A aprovação, pela Câmara dos Deputados, do fim da gratuidade obrigatória nos cursos de pos-graduação das instituições estatais representa a mais grave ameaça, até hoje, a uma universidade pública gratuita, autônoma e republicana.

Constitui, assim, mais um exemplo cabal do grau de ameaça a conquistas sociais de longa data que a crise do petismo no poder ora suscita, com uma presidente enfraquecida e acuada, disposta a tudo ceder para não ser destituída.

As pós-graduações federais já haviam sofrido um duro golpe com o corte de 75% das bolsas de estudo, que se seguiu ao anúncio das medidas fiscalistas da política econômica de Dilma, a cargo do tesoureiro Levy. Corte que, em efeito cascata, serve agora de pretexto para Alckmin suprimir R$13 milhões das pós-graduações paulistas (USP, Unesp e Unicamp), no que será certamente seguido por outros governadores.



Exclusão educacional
A diminuição no volume de bolsas, agora agravada pela possibilidade de cobrança dos cursos, tem efeito social nocivo, pois impede que estudantes oriundos das classes baixa e média se mantenham financeiramente durante os seis ou sete anos necessários para obtenção de tais títulos (que hoje são imprescindíveis, por exemplo, para o ingresso no magistério público superior).
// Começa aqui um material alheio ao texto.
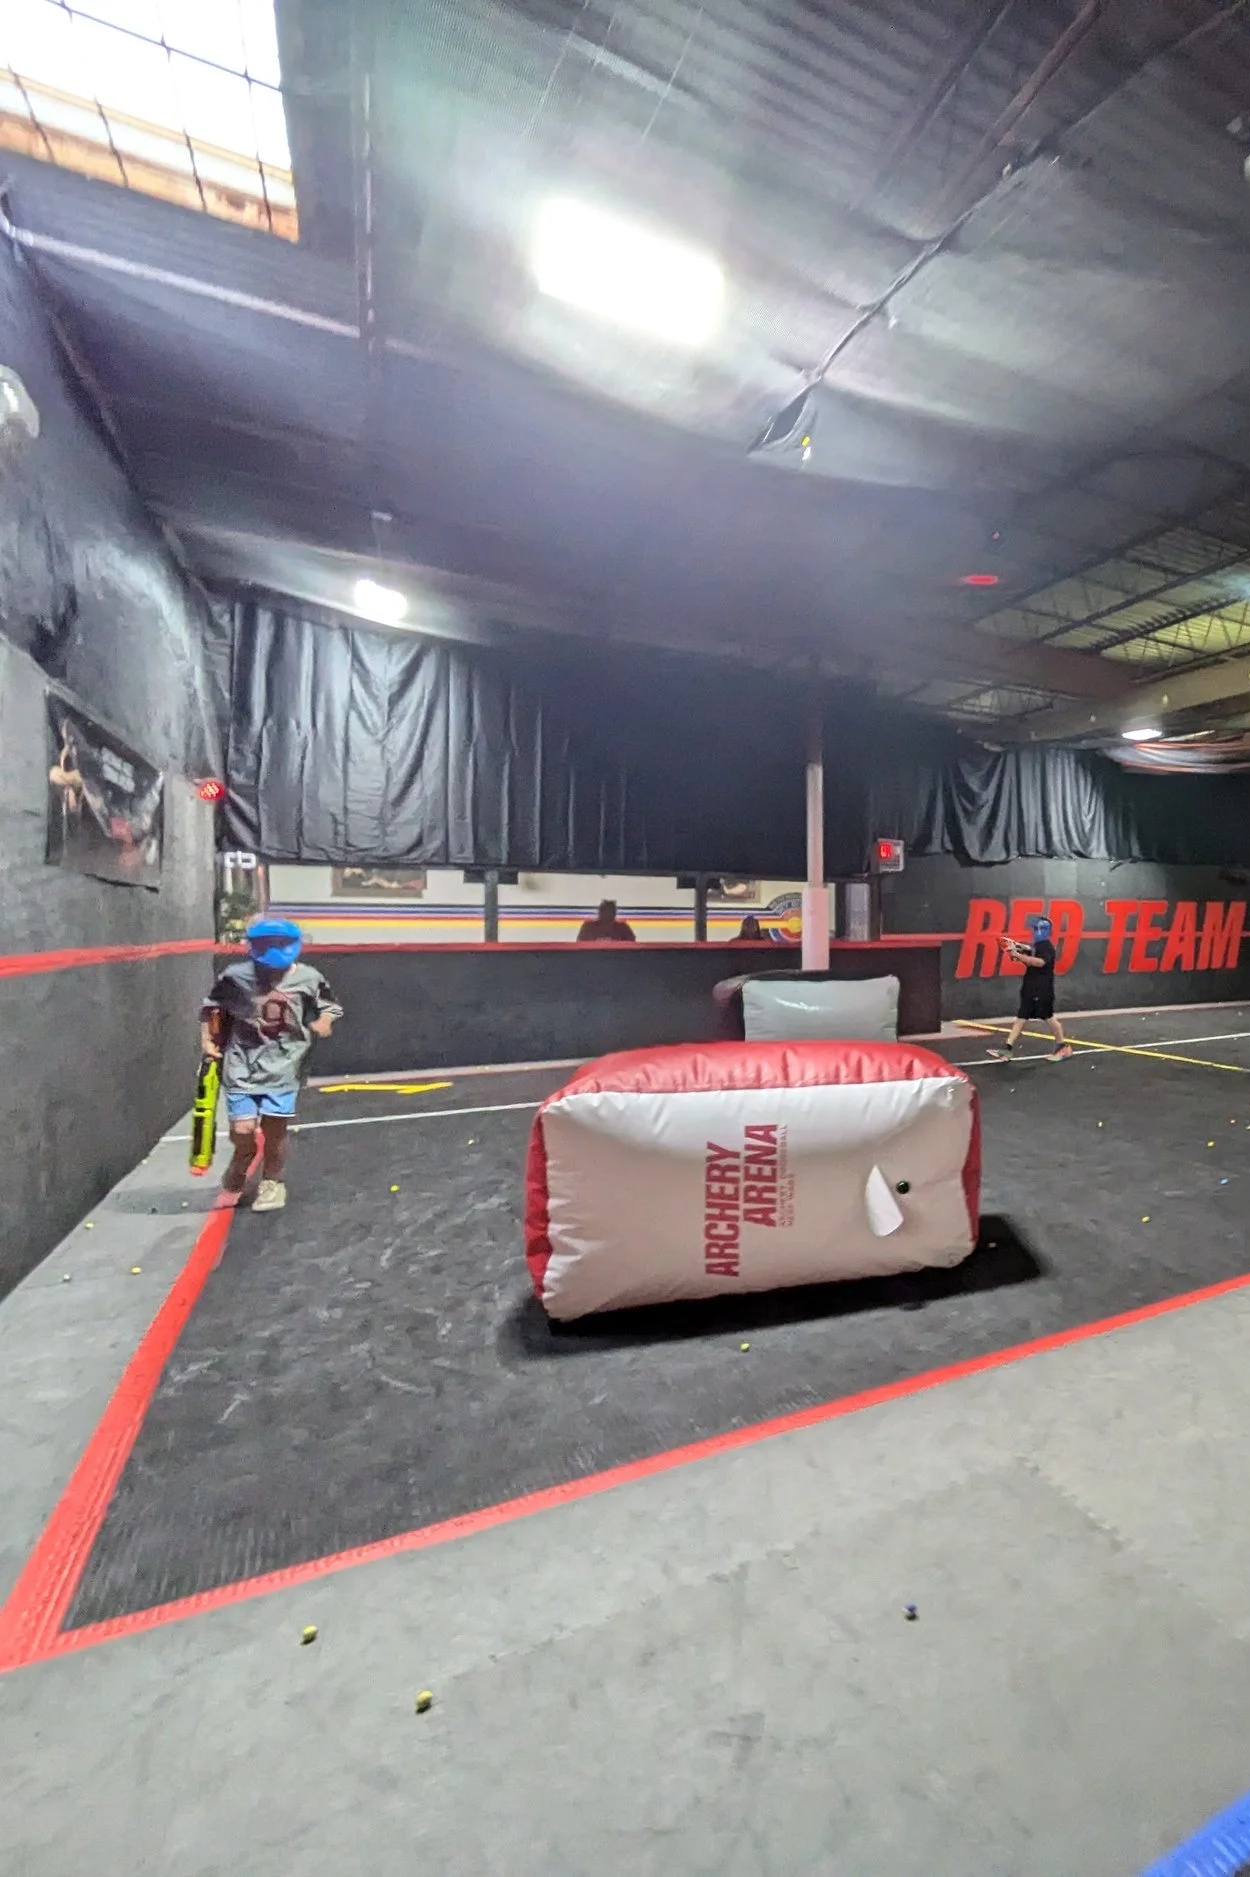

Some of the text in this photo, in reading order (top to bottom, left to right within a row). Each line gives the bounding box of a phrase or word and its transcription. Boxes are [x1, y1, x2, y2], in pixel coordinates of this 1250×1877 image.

[955, 898, 1246, 979] RED TEAM
[705, 1141, 740, 1277] ARCHERY
[743, 1124, 778, 1227] ARENA
Trata-se de uma ameaça concreta a um sistema que vinha funcionando bem há décadas, e que tinha a vantagem adicional de fornecer um meio de subsistência – mesmo precário –, o qual permitia a um contingente expressivo de recém-formados trocar as fileiras dos desempregados pela oportunidade de se qualificar enquanto faziam – ou se preparavam para fazer - a transição do universo da universidade para o do mercado do trabalho

Nem Fernando Henrique Cardoso foi tão longe a ponto de instaurar tal dispositivo elitista e de exclusão social, que na prática bloqueia o acesso dos não-ricos às pós-graduações. Com todas as dificuldades impostas na era tucana, as bolsas foram mantidas e, ao contrário do que hoje acontece, havia verbas para viagens e congressos.



Ameaça concreta
Além da ameaça per se à pesquisa inerente aos cortes de verbas, ao elitismo e exclusão social que traz à pós-graduação, e ao agravamento do já alto desemprego de recém-formados, a aprovação do fim da gratuidade constitui um passo concreto em direção à privatização da universidade pública, velho sonho do conservadorismo brasileiro.

A intensificação do sucateamento das graduações, a extensão do fim da gratuidade para tal faixa de ensino e a flexibilização de contratos de trabalho de professores são os próximos passos. Até que desapareça a divisão entre universidades públicas e privadas, o nível de ensino se nivele por baixo – como hoje ocorre no setor privado - e aos professores sejam oferecidos salários (ainda mais) humilhantes (como os R$500 mensais que as corporações de ensino superior hoje pagam a iniciantes).



Jogo duplo
O petismo e seus porta-vozes irão, como de praxe, tentar colocar a culpa por mais esse retrocesso no conservadorismo do atual Congresso – como se tal tendência fosse a antítese do partido e não, em larga medida, um fruto da realpolitik lulista e da busca deliberada de hegemonia à direita empreendida por Dilma em seu primeiro mandato, com suas alianças aprogramáticas, ditadas únicamente por interesses e sua subserviência ao conservadorismo religioso, que hoje cobra um preço tão alto.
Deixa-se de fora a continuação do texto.